> _Assignment_: Output the data below exactly as it is, dropping the pictures from your copy.
[[ Extracted records open ]]
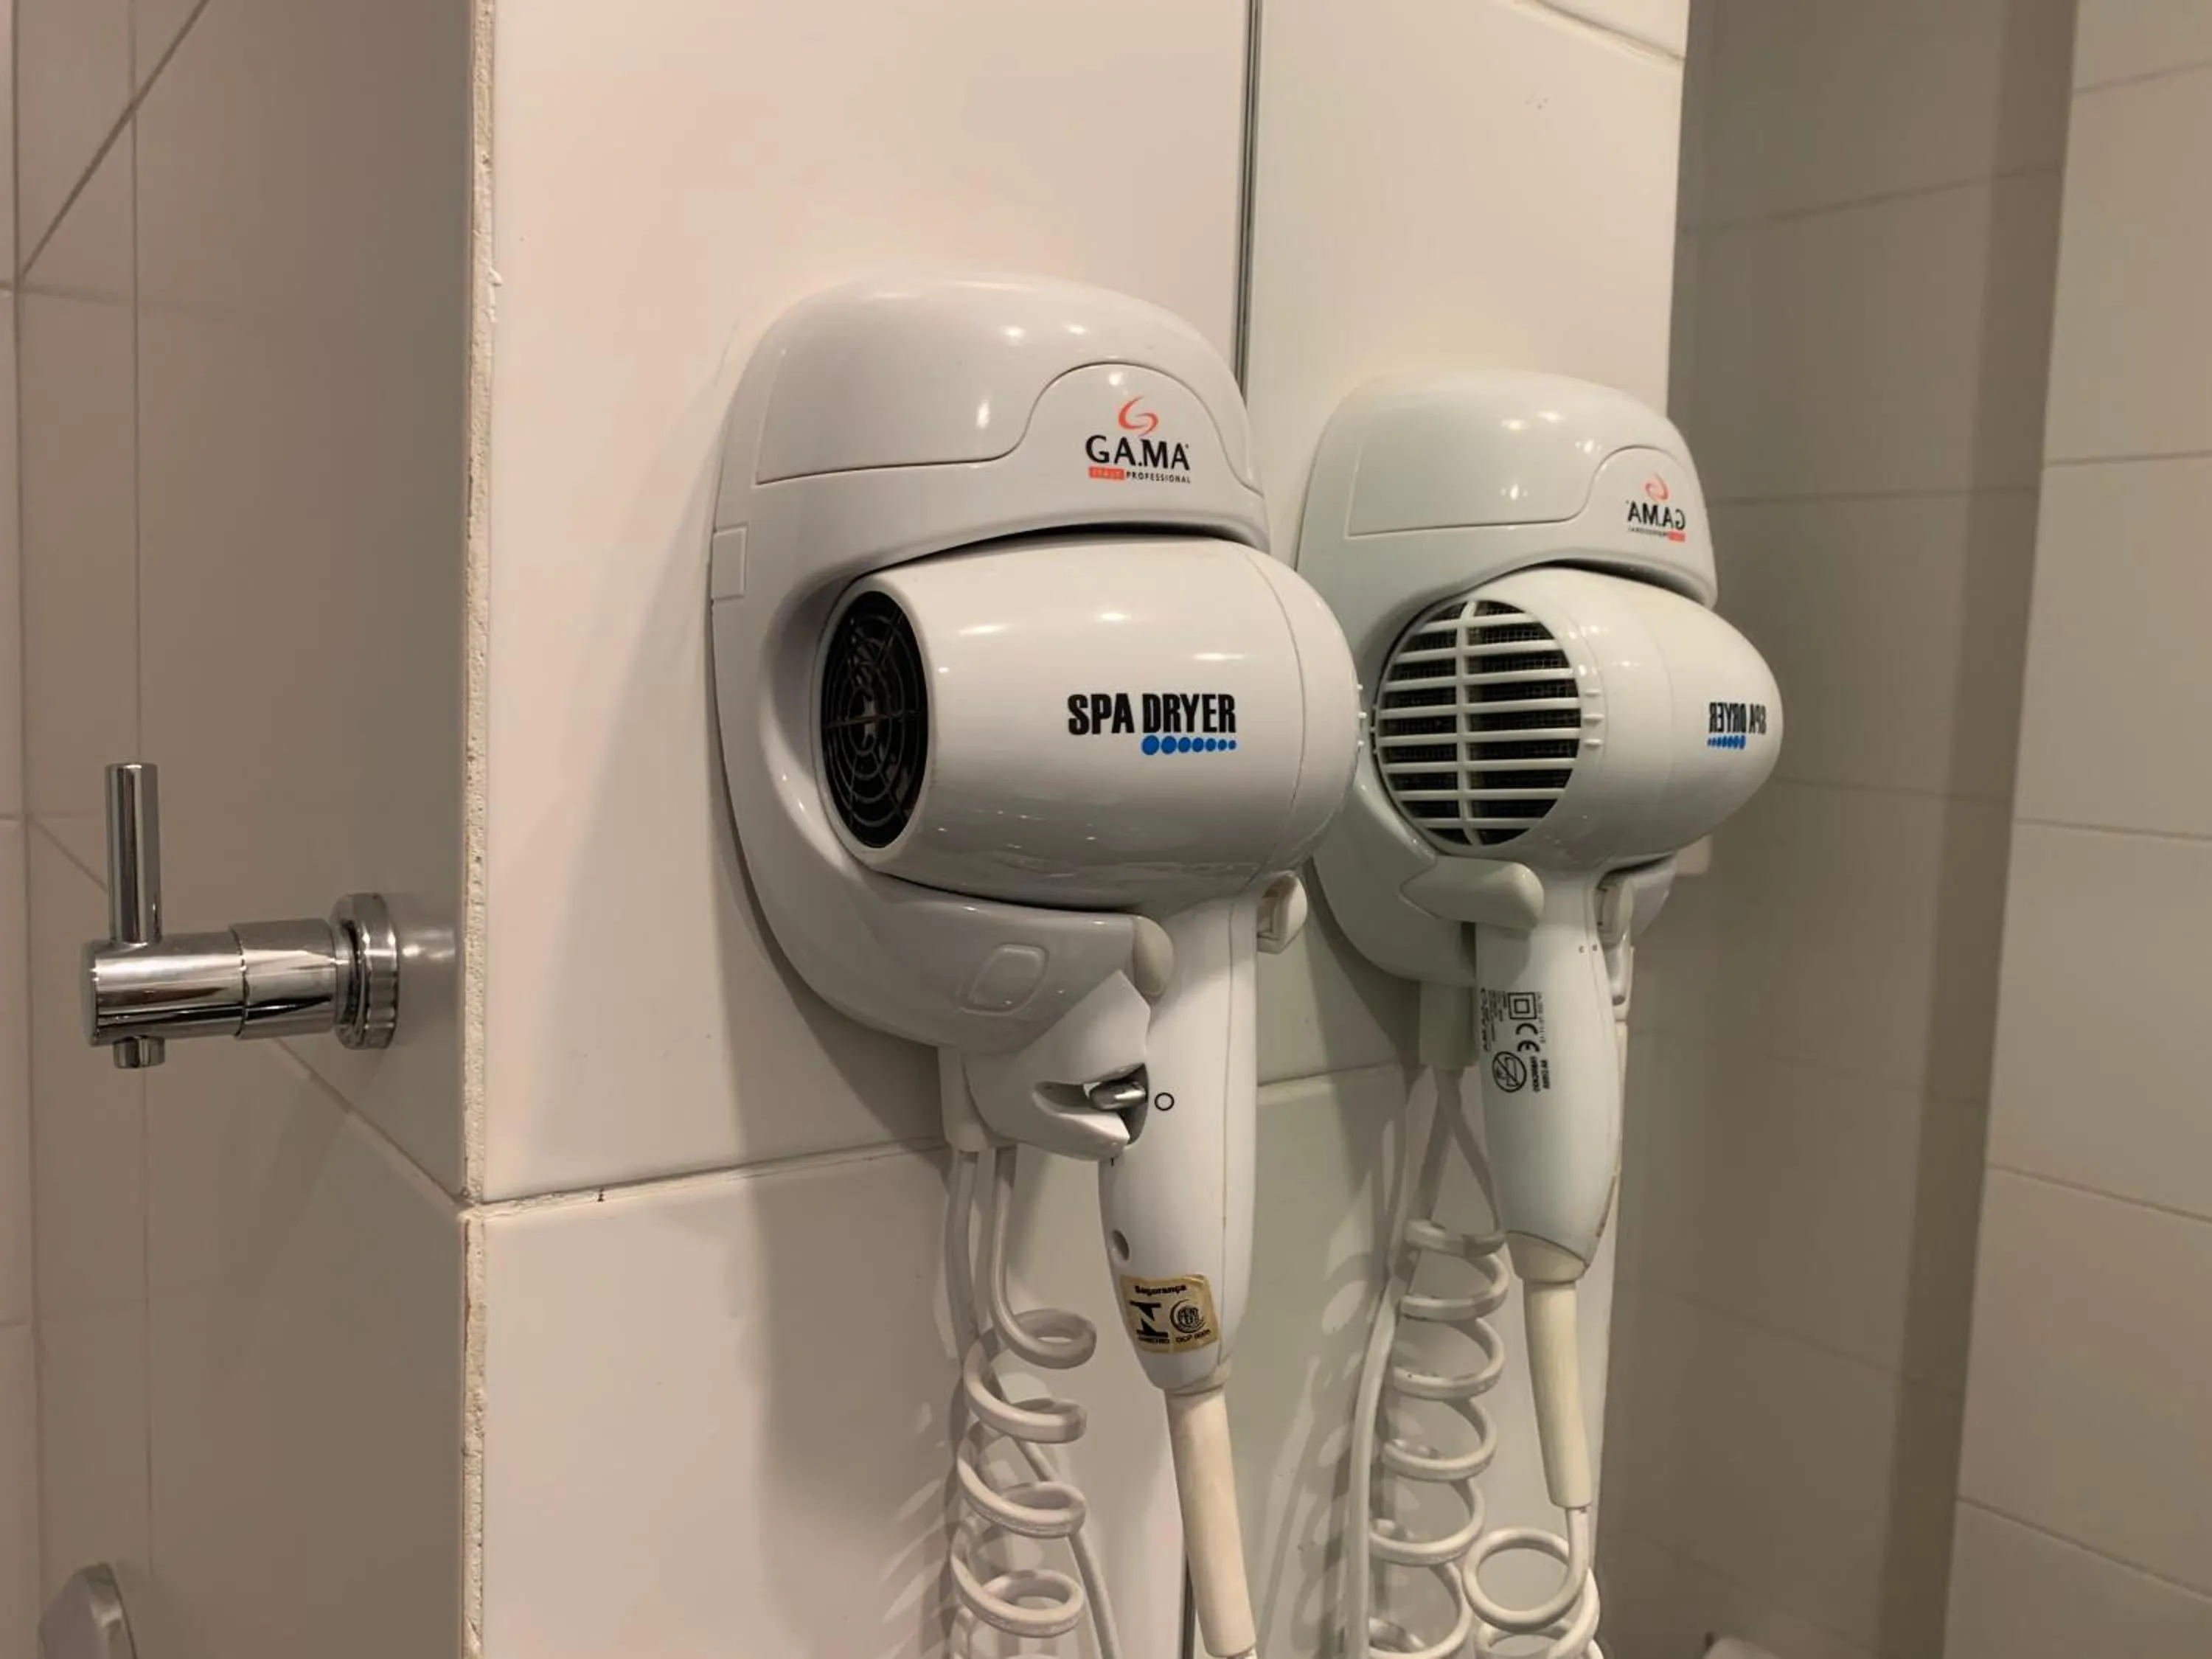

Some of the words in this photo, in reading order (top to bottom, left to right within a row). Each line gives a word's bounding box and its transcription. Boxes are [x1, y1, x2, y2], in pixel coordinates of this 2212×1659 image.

[1126, 471, 1191, 484] PROFESSIONAL
[1068, 693, 1135, 734] SPA
[1142, 693, 1237, 734] DRYER
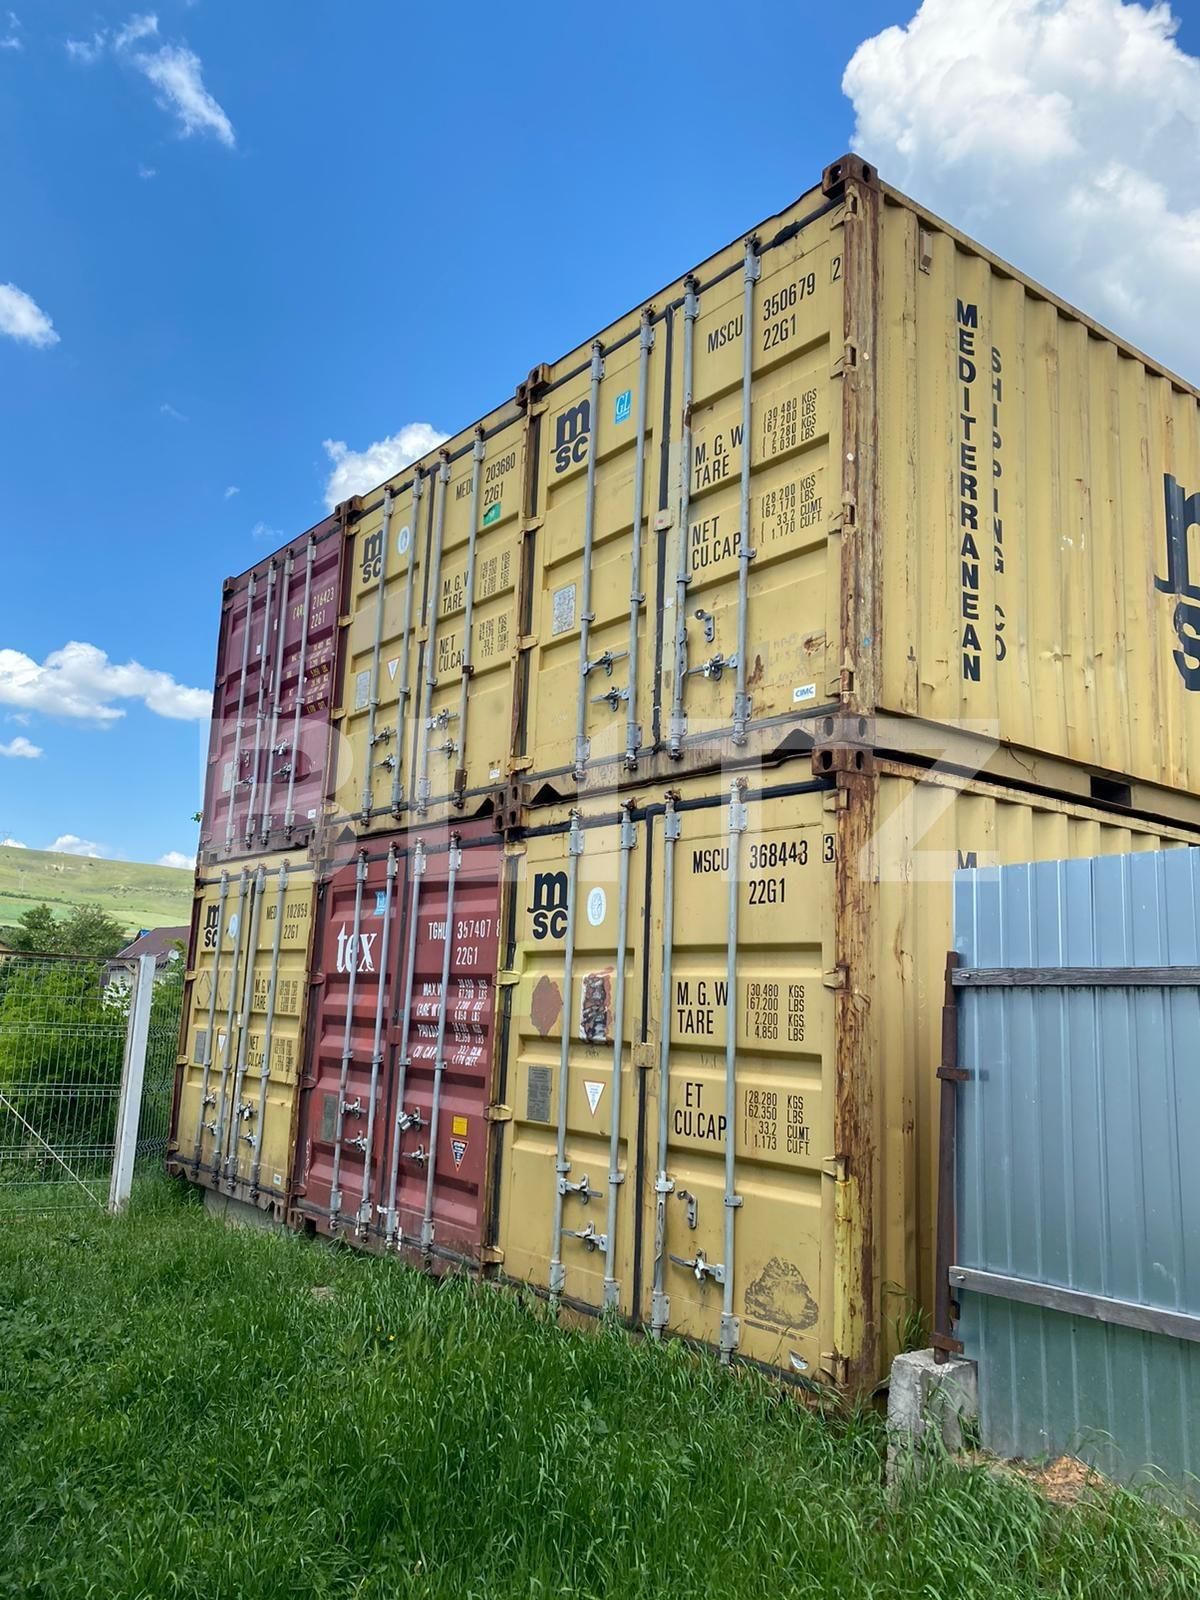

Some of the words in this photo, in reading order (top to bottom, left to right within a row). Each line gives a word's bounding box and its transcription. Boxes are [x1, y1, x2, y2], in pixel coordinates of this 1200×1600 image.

[707, 314, 744, 353] MSCU
[763, 272, 816, 321] 350679
[832, 257, 841, 281] 2
[763, 313, 797, 351] 22G1
[767, 397, 797, 422] 30.480
[801, 388, 817, 404] KGS
[801, 401, 816, 416] LBS
[801, 412, 817, 428] KGS
[801, 425, 815, 441] LBS
[485, 452, 516, 484] 203680
[695, 454, 730, 490] TARE
[800, 474, 816, 490] KGS
[956, 297, 981, 682] MEDITERRANEAN
[483, 482, 504, 506] 22G1
[800, 488, 815, 503] LBS
[776, 510, 796, 526] 33.2
[692, 515, 720, 547] NET
[443, 591, 463, 614] TARE
[439, 634, 456, 655] NET
[794, 686, 815, 698] CIMC
[692, 848, 729, 874] MSCU
[749, 840, 808, 870] 368443
[825, 835, 835, 862] 3
[748, 878, 786, 905] 22G1
[266, 905, 278, 920] MED
[457, 919, 492, 940] 357407
[456, 946, 479, 966] 22G1
[750, 983, 779, 998] 30.480
[788, 984, 805, 999] KGS
[750, 997, 779, 1011] 67.200
[788, 998, 805, 1013] LBS
[677, 1009, 714, 1035] TARE
[755, 1012, 778, 1026] 2.200
[788, 1013, 804, 1028] KGS
[754, 1025, 778, 1040] 4.850
[788, 1027, 804, 1042] LBS
[686, 1082, 704, 1109] ET
[748, 1090, 777, 1107] 28.280
[787, 1095, 804, 1110] KGS
[748, 1106, 777, 1121] 62.350
[787, 1109, 804, 1125] LBS
[758, 1122, 777, 1136] 33.2
[754, 1134, 777, 1151] 1.173
[[ Extracted records closed ]]
> _Written reply_:
Some of the words in this photo, in reading order (top to bottom, left to right within a row). Each line gives a word's bounding box and its transcription. Boxes are [x1, y1, x2, y2], in pixel coordinates of this 2212×1659 image.

[1126, 471, 1191, 484] PROFESSIONAL
[1068, 693, 1135, 734] SPA
[1142, 693, 1237, 734] DRYER

Some of the words in this photo, in reading order (top to bottom, left to right within a row). Each line gives a word's bounding box and its transcription. Boxes are [x1, y1, x2, y2], in pixel coordinates of this 1200×1600 image.

[707, 314, 744, 353] MSCU
[763, 272, 816, 321] 350679
[832, 257, 841, 281] 2
[763, 313, 797, 351] 22G1
[767, 397, 797, 422] 30.480
[801, 388, 817, 404] KGS
[801, 401, 816, 416] LBS
[801, 412, 817, 428] KGS
[801, 425, 815, 441] LBS
[485, 452, 516, 484] 203680
[695, 454, 730, 490] TARE
[800, 474, 816, 490] KGS
[956, 297, 981, 682] MEDITERRANEAN
[483, 482, 504, 506] 22G1
[800, 488, 815, 503] LBS
[776, 510, 796, 526] 33.2
[692, 515, 720, 547] NET
[443, 591, 463, 614] TARE
[439, 634, 456, 655] NET
[794, 686, 815, 698] CIMC
[692, 848, 729, 874] MSCU
[749, 840, 808, 870] 368443
[825, 835, 835, 862] 3
[748, 878, 786, 905] 22G1
[266, 905, 278, 920] MED
[457, 919, 492, 940] 357407
[456, 946, 479, 966] 22G1
[750, 983, 779, 998] 30.480
[788, 984, 805, 999] KGS
[750, 997, 779, 1011] 67.200
[788, 998, 805, 1013] LBS
[677, 1009, 714, 1035] TARE
[755, 1012, 778, 1026] 2.200
[788, 1013, 804, 1028] KGS
[754, 1025, 778, 1040] 4.850
[788, 1027, 804, 1042] LBS
[686, 1082, 704, 1109] ET
[748, 1090, 777, 1107] 28.280
[787, 1095, 804, 1110] KGS
[748, 1106, 777, 1121] 62.350
[787, 1109, 804, 1125] LBS
[758, 1122, 777, 1136] 33.2
[754, 1134, 777, 1151] 1.173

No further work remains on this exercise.